The CLI for AI agents to control Chrome. Zero config, agent-agnostic, battle-tested.

License

Notifications You must be signed in to change notification settings

juanibiapina/browse-cli

 
 

Repository files navigation

Browse

The CLI for AI agents to control Chrome. Zero config, agent-agnostic, battle-tested.

npm version License: MIT Platform

browse go "https://example.com"
browse read
browse click e5
browse snap

Why Browse

Browser automation for AI agents is harder than it looks. Most tools require complex setup, tie you to specific AI providers, or break on real-world pages.

Browse takes a different approach:

Agent-Agnostic - Pure CLI commands over Unix socket.
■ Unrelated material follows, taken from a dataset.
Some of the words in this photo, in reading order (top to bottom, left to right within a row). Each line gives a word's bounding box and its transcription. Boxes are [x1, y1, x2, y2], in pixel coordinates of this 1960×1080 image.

Works with Claude Code, GPT, Gemini, Cursor, custom agents, shell scripts - anything that can run commands.

Zero Config - Install the extension, run commands. No relay processes, no subscriptions.
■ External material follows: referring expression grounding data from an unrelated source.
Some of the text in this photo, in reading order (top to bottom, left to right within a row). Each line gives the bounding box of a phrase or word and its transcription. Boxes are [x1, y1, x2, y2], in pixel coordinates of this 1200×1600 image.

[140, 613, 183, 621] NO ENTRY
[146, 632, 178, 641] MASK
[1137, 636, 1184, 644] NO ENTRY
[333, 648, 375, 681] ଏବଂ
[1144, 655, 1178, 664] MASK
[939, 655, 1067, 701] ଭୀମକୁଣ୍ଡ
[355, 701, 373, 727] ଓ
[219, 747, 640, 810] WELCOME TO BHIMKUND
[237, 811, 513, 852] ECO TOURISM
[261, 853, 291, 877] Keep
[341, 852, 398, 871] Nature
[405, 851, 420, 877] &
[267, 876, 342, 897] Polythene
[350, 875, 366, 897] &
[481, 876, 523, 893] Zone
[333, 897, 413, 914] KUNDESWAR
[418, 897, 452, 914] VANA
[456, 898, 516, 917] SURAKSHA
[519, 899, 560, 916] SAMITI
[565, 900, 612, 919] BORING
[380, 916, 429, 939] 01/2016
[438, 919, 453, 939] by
Battle-Tested - Built by reverse-engineering production browser extensions and methodically working through agent-hostile pages like Discord settings. Falls back gracefully when CDP fails.

Smart Defaults - Screenshots auto-resize to 1200px (saves tokens). Actions auto-capture screenshots (saves round-trips). Errors on restricted pages warn instead of fail.
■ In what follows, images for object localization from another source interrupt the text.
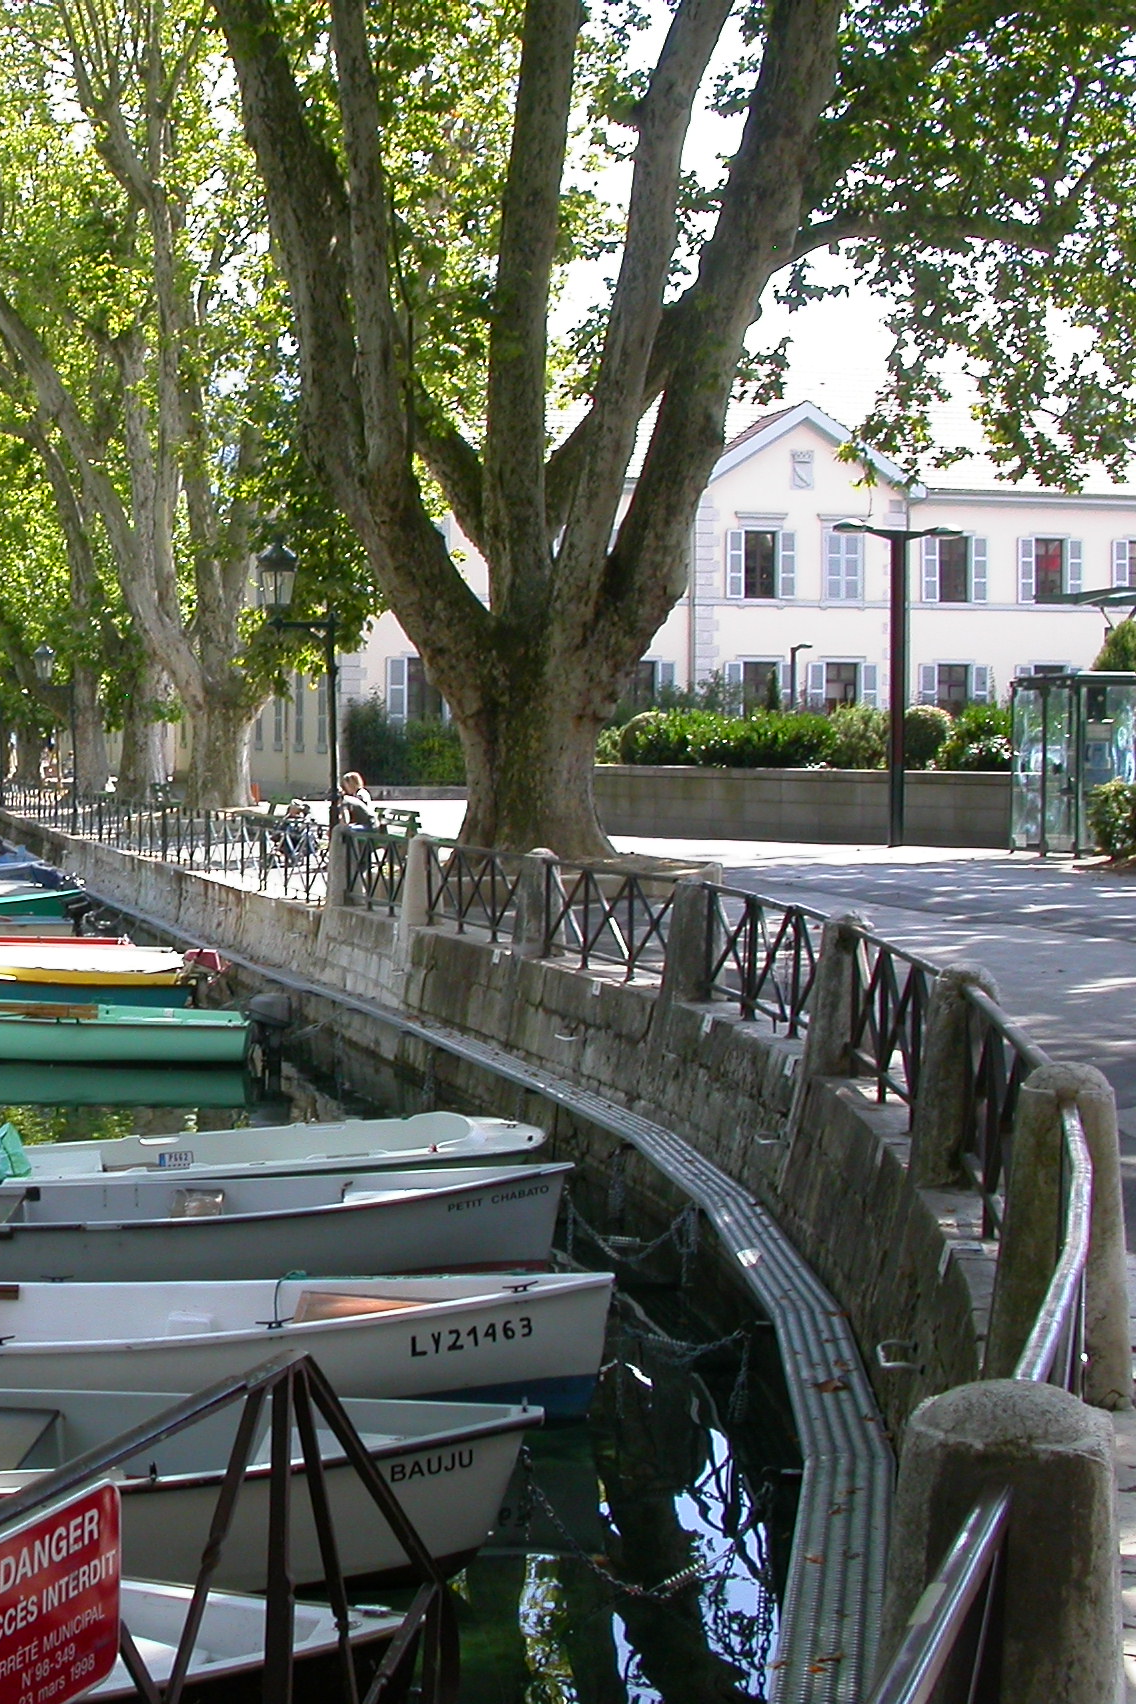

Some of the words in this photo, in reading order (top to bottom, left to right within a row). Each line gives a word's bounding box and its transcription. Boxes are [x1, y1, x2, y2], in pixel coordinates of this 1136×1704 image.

[447, 1197, 483, 1213] PETIT
[490, 1184, 550, 1205] CHABATO
[410, 1316, 534, 1358] LY21463
[390, 1448, 474, 1483] BAUJU
[0, 1508, 99, 1594] DANGER
[42, 1550, 117, 1614] INTERDIT
[42, 1605, 106, 1654] MUNICIPAL
[37, 1676, 66, 1702] mars
[70, 1653, 95, 1682] 1998
Network Capture - Automatically logs all network requests while active. Filter, search, and replay API calls without manually setting up request interception.

Installation

Quick Start

# 1. Install globally
npm install -g @juanibiapina/browse-cli

# 2. Load extension in Chrome
#    - Open chrome://extensions
#    - Enable "Developer mode"
#    - Click "Load unpacked"
#    - Paste the path from: browse extension-path

# 3. Install native host (copy extension ID from chrome://extensions)
browse install <extension-id>

# 4. Restart Chrome and test
browse tab.list

Multi-Browser Support

browse install <extension-id>                    # Chrome (default)
browse install <extension-id> --browser brave    # Brave
browse install <extension-id> --browser all      # All supported browsers

Supported: chrome, chromium, brave, edge, arc

Uninstall

browse uninstall                  # Chrome only
browse uninstall --all            # All browsers + wrapper files

Development Setup

git clone https://github.com/juanibiapina/browse-cli.git
cd browse-cli
npm install
npm run build
# Then load dist/ as unpacked extension

Usage

browse <command> [args] [options]
browse --help                    # Basic help
browse --help-full               # All 50+ commands
browse <command> --help          # Command details
browse --find <query>            # Search commands

Navigation

browse go "https://example.com"
browse back
browse forward
browse tab.reload --hard

Reading Pages

browse read                           # Accessibility tree + visible text content
browse read --no-text                 # Accessibility tree only (no text)
browse read --depth 3                 # Limit tree depth (smaller output)
browse read --compact                 # Remove empty structural elements
browse read --depth 3 --compact       # Both (60% smaller output)
browse page.text                      # Raw text content only
browse page.state                     # Modals, loading state, scroll position

Element refs (e1, e2, e3...) are stable identifiers from the accessibility tree - semantic, predictable, and resilient to DOM changes.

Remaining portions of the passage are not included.